Certainly no one would disagree with the statement that at one time Milwaukee's schools were indeed failing Black children. Isolated in one of the most segregated cities in the nation, the city's majority-Black public schools were known in the mid-eighties for their abysmal standardized-test scores, for a dropout rate that was more than double the state average, and for twice as many suspensions among Black students as for Whites. Back then, says John Gurda, a White historian and author of The Making of Milwaukee (Milwaukee County Historical Society), "The school board was widely viewed as a place where good ideas went to die."

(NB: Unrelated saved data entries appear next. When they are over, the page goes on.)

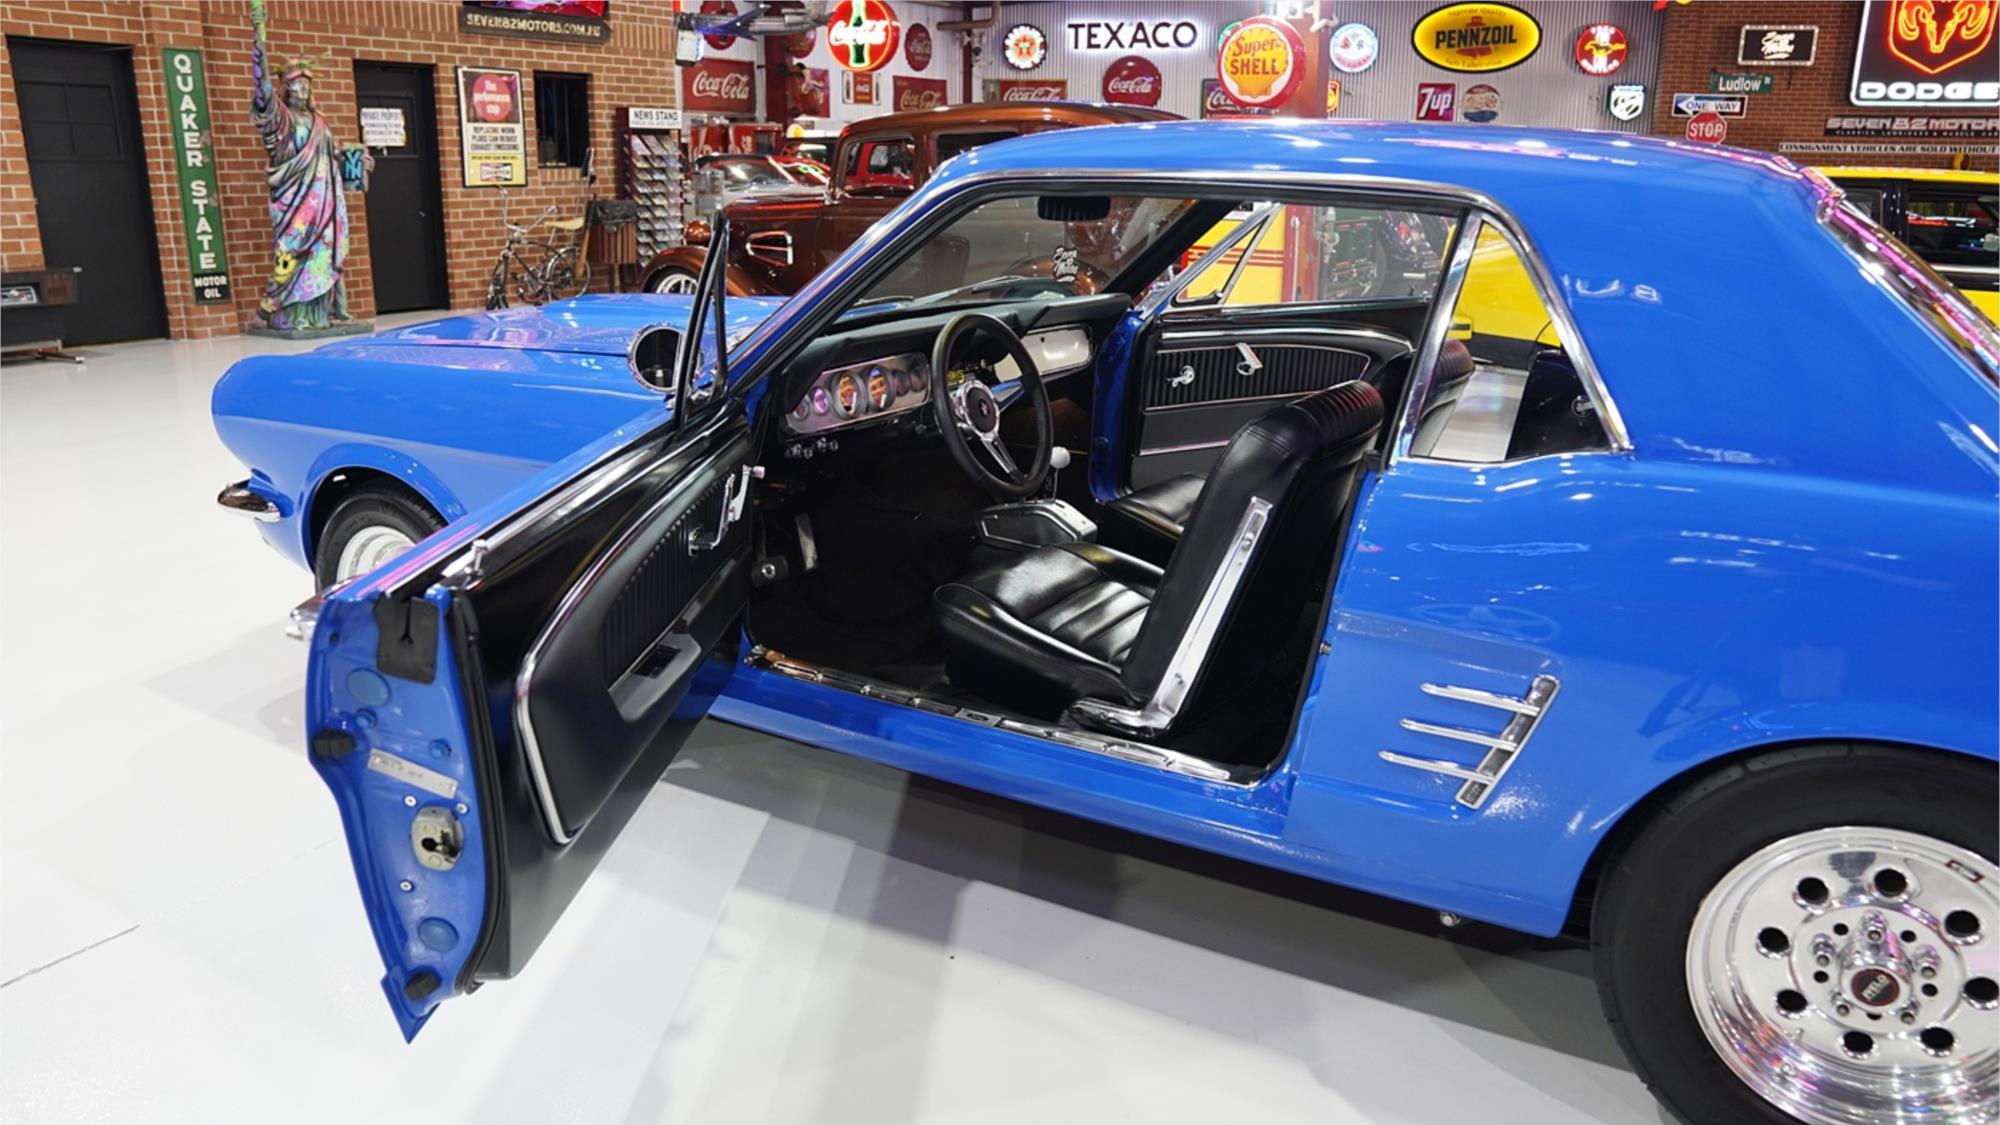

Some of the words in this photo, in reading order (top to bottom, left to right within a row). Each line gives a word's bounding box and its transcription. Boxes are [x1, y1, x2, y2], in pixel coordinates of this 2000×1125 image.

[1067, 21, 1198, 49] TEXACO
[1435, 24, 1518, 50] PENNZOIL
[1230, 58, 1280, 76] SHELL
[692, 70, 750, 99] Coca-Cola
[1108, 76, 1154, 94] Coca-Cola
[1718, 76, 1762, 91] Ludlow
[1859, 81, 2000, 100] DODGE
[1686, 101, 1706, 110] ONE
[1715, 102, 1738, 111] WAY
[633, 110, 654, 121] NEWS
[655, 110, 678, 121] STAND
[1689, 121, 1724, 138] STOP
[1779, 143, 1848, 152] CONSIGNMENT
[1849, 144, 1897, 153] VEHICLES
[1898, 145, 1918, 153] ARE
[1920, 145, 1947, 153] SOLD
[1948, 145, 1996, 153] WITHOUT
[173, 53, 204, 168] QUAKER
[190, 180, 217, 270] STATE
[194, 276, 228, 288] MOTOR
[204, 288, 222, 299] OIL
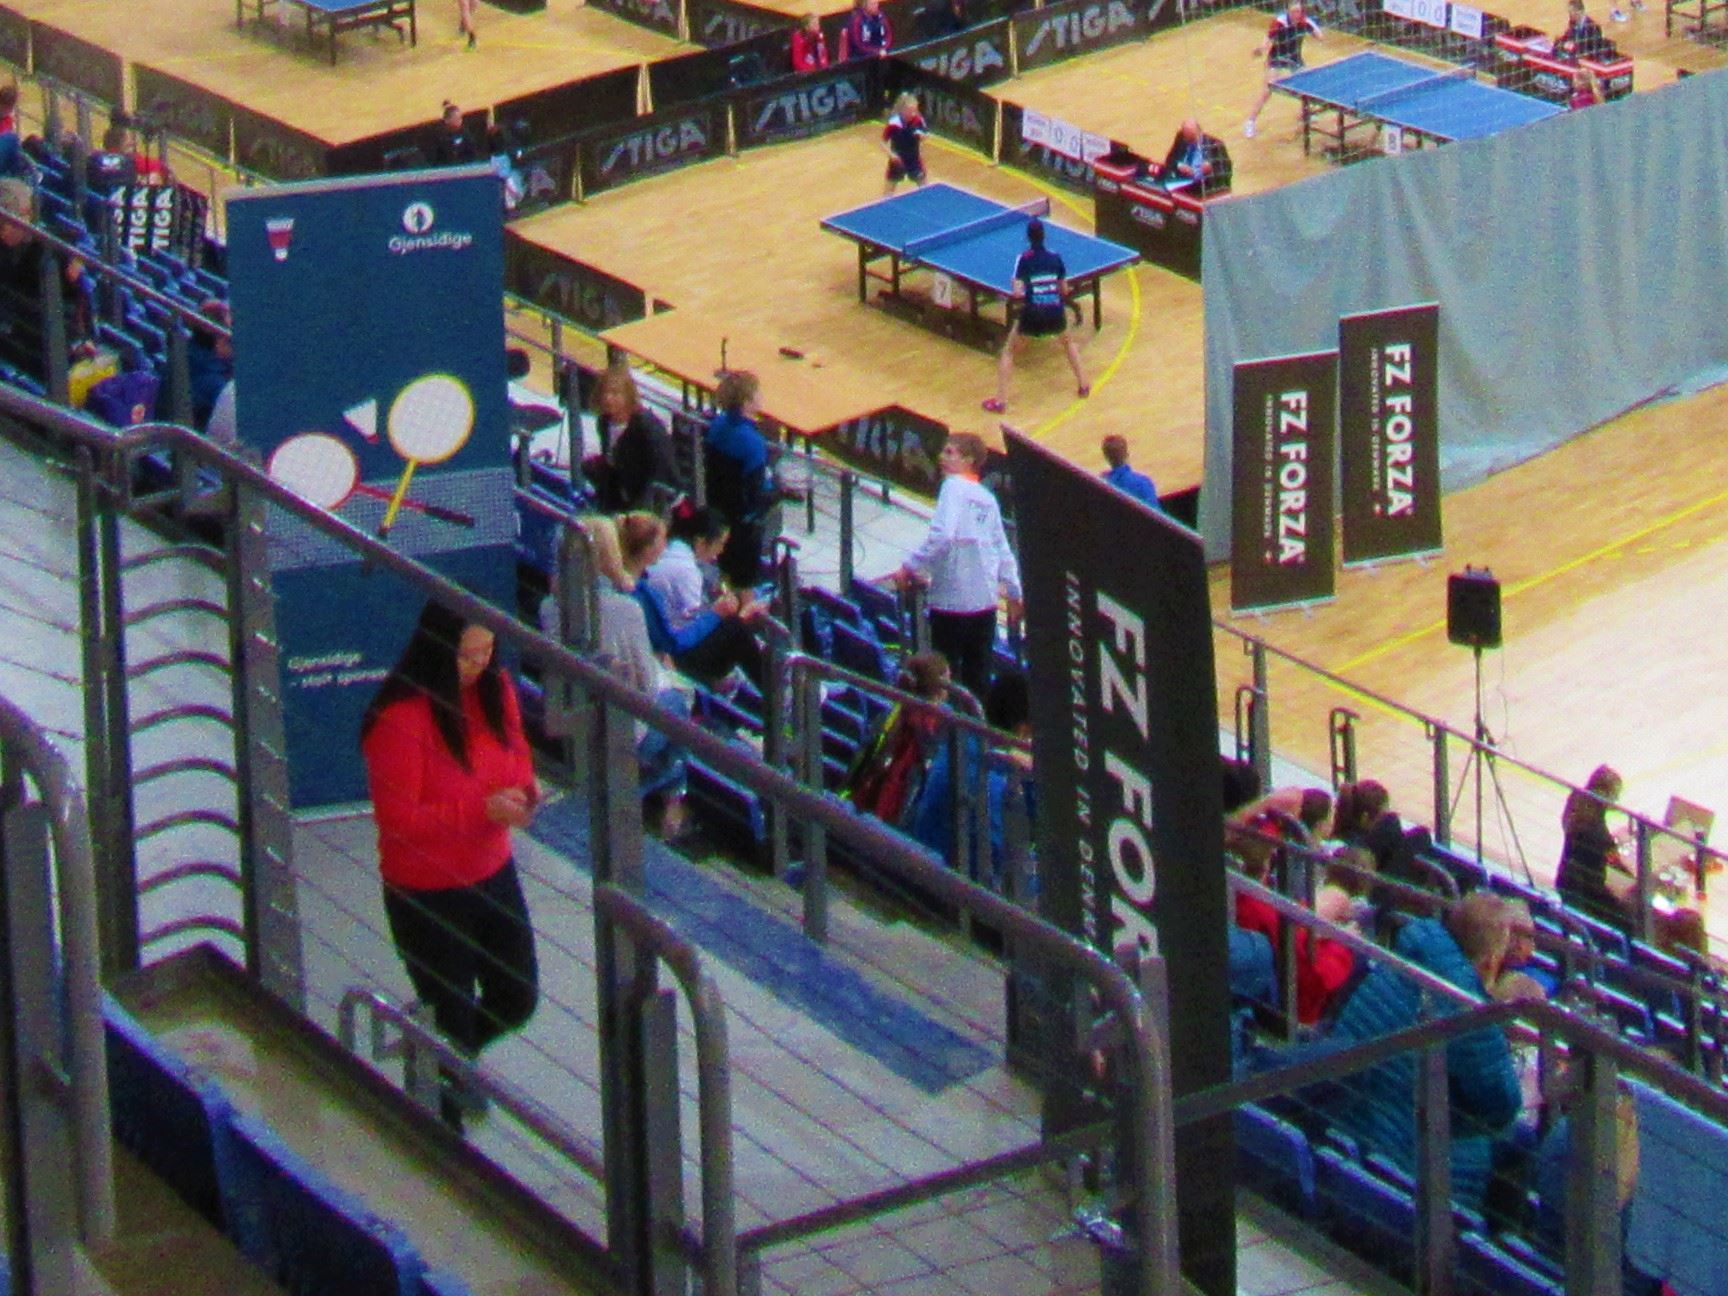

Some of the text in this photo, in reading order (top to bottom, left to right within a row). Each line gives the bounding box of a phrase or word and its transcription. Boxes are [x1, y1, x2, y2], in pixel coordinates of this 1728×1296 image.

[1026, 0, 1136, 57] STIGA
[602, 120, 707, 175] STIGA
[754, 79, 864, 135] STIGA
[388, 232, 473, 255] Gjensidige
[1279, 390, 1308, 564] FZ FORZA
[1385, 342, 1414, 516] FZ FORZA
[1065, 569, 1097, 940] INNOVATED IN DENM
[1096, 589, 1161, 961] FZ FOR

The system is changing: Last fall, voters booted five school-board members who were backed by the teachers' union for a prochoice board, and public schools are responding to the competition posed by choice schools. Log on to the district's Web site and you'll find engaging marketing descriptions like "We invite parents as full partners ..."

But many of the changes were just part of an evolution. Long before vouchers were an option, Milwaukee parents had many public-school choices. Following a desegregation lawsuit in the late 1970's, court-ordered busing led to a Byzantine system that shipped disproportionate numbers of Black students to outlying areas and brought in few White students in exchange. Today nearly 70,000 of Milwaukee's 105,000 public-school students are bused, mainly to relieve overcrowding, not segregation. In a practice known as double busing, Black students pass one another in buses on the way to one another's neighborhood schools. "The perception today is that you've got to get on a bus to get a quality education," says Aquine Jackson, Ph.D., director of MPS Student Services. "We're now asking parents what it would take to make your neighborhood school your school of choice."

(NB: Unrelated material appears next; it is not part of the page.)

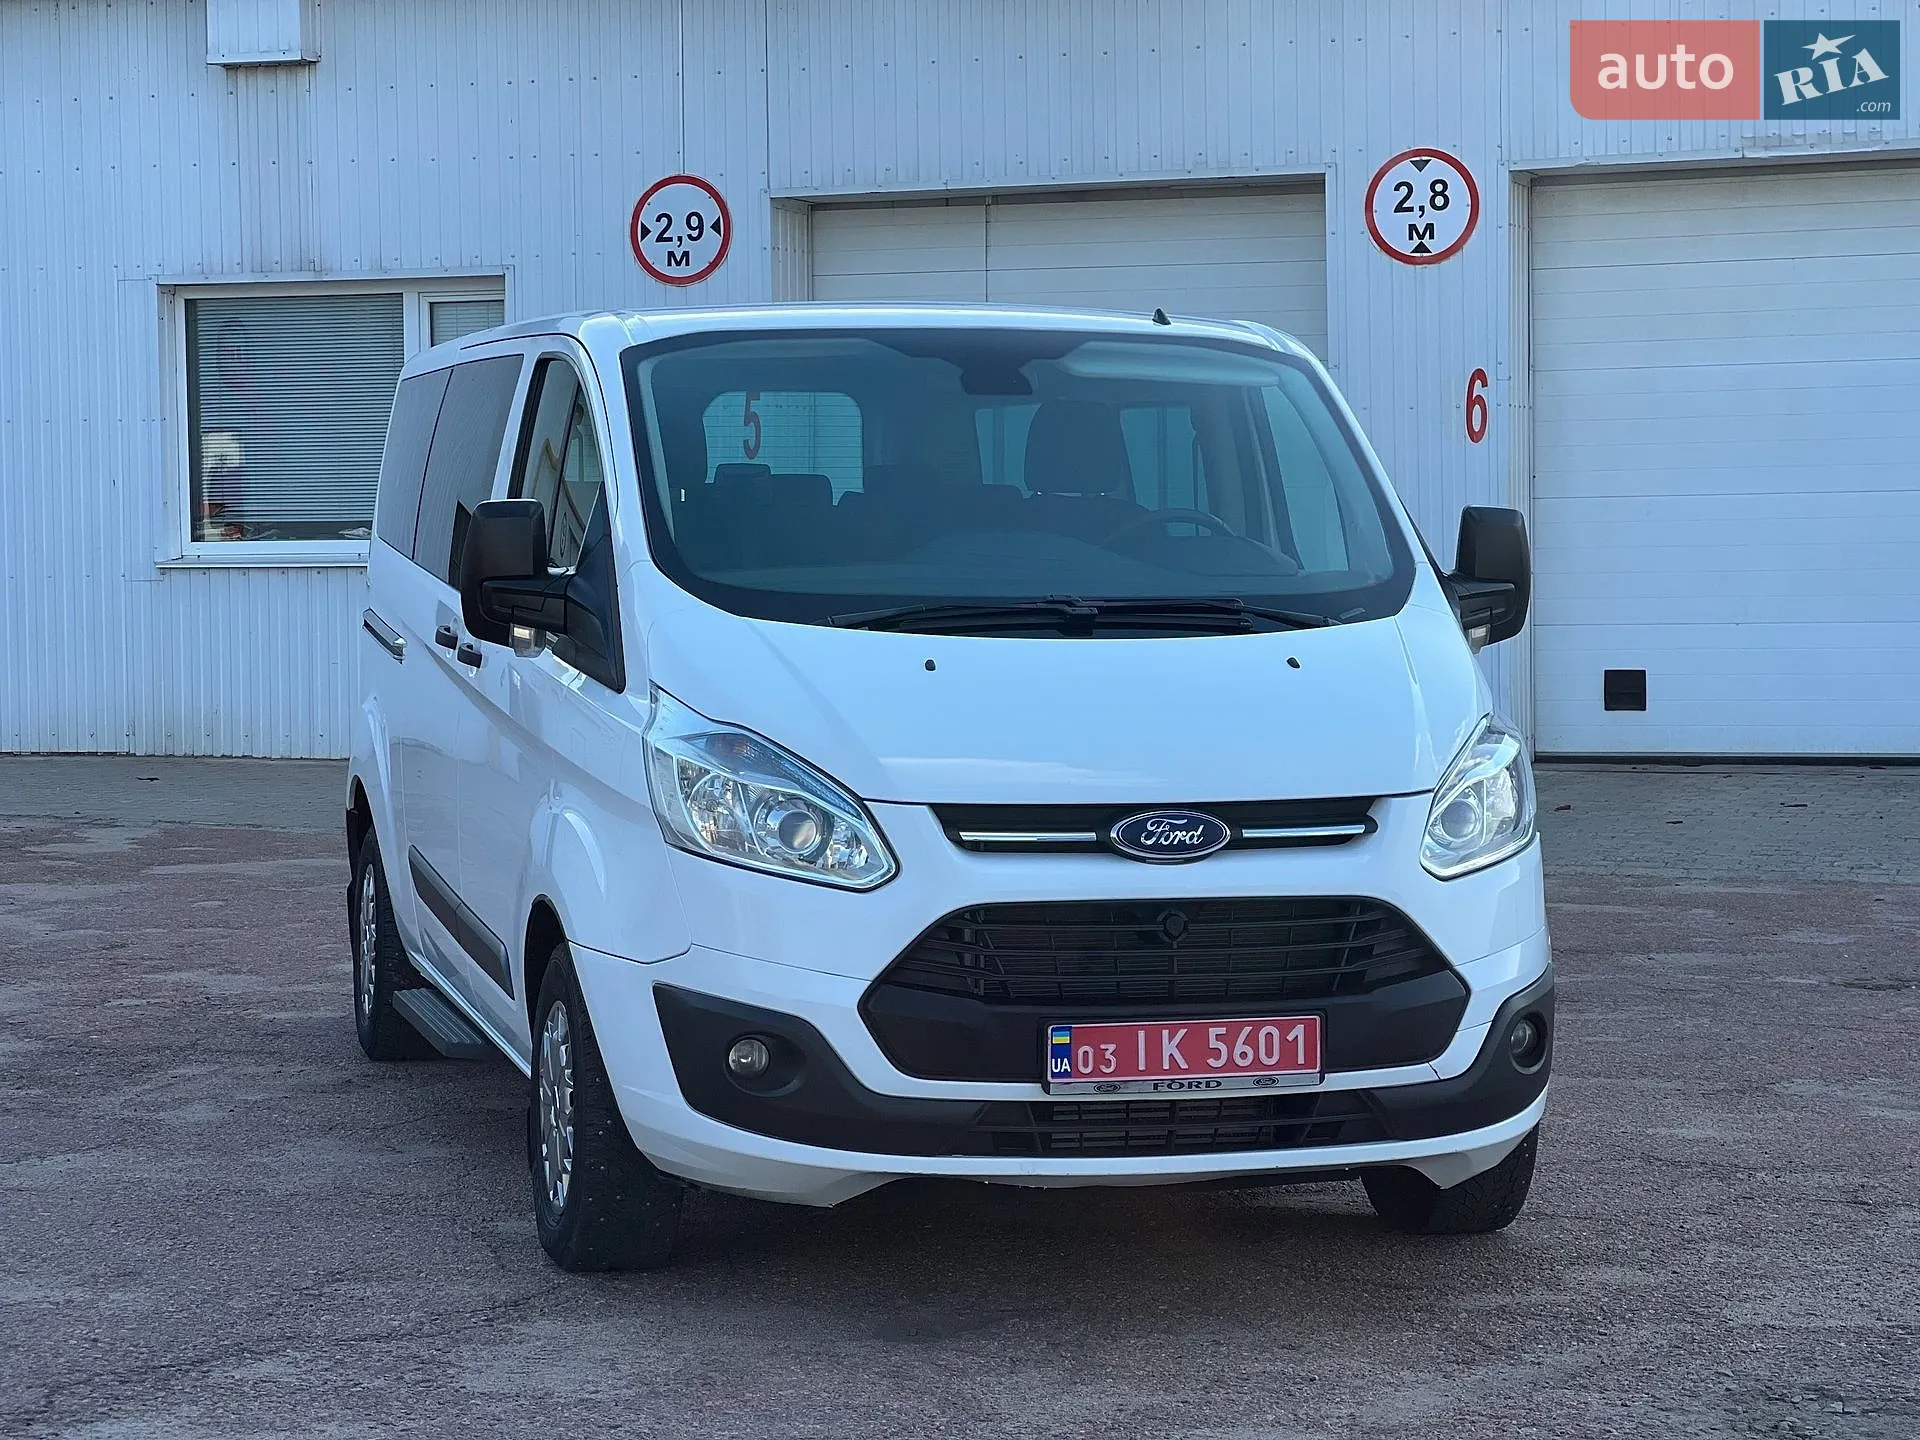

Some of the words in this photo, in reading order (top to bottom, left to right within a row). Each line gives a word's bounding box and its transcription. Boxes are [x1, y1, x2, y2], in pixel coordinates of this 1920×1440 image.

Within the public schools, Milwaukee parents can send their kids to a neighborhood school, or, if space is available, to one of about 32 charter schools, one of 5 immersion, or one of 49 intensive-training magnet schools. But those public-school options weren't enough for the parents of the 8,000 children who've chosen voucher schools. The problem, says historian Gurda, whose children are products of Milwaukee's public schools, is that "there's no clear outline of a system that's emerging. The more choices there are, the higher potential there is for confusion."

With so many options, some parents are less likely to do the research, and instead focus on a friend's recommendation, proximity or connection to a church. And just as Brenda Gordon's kids found themselves at a place like DLH Academy, simply because she attended a certain church, other students have landed in choice schools like the one in the Y.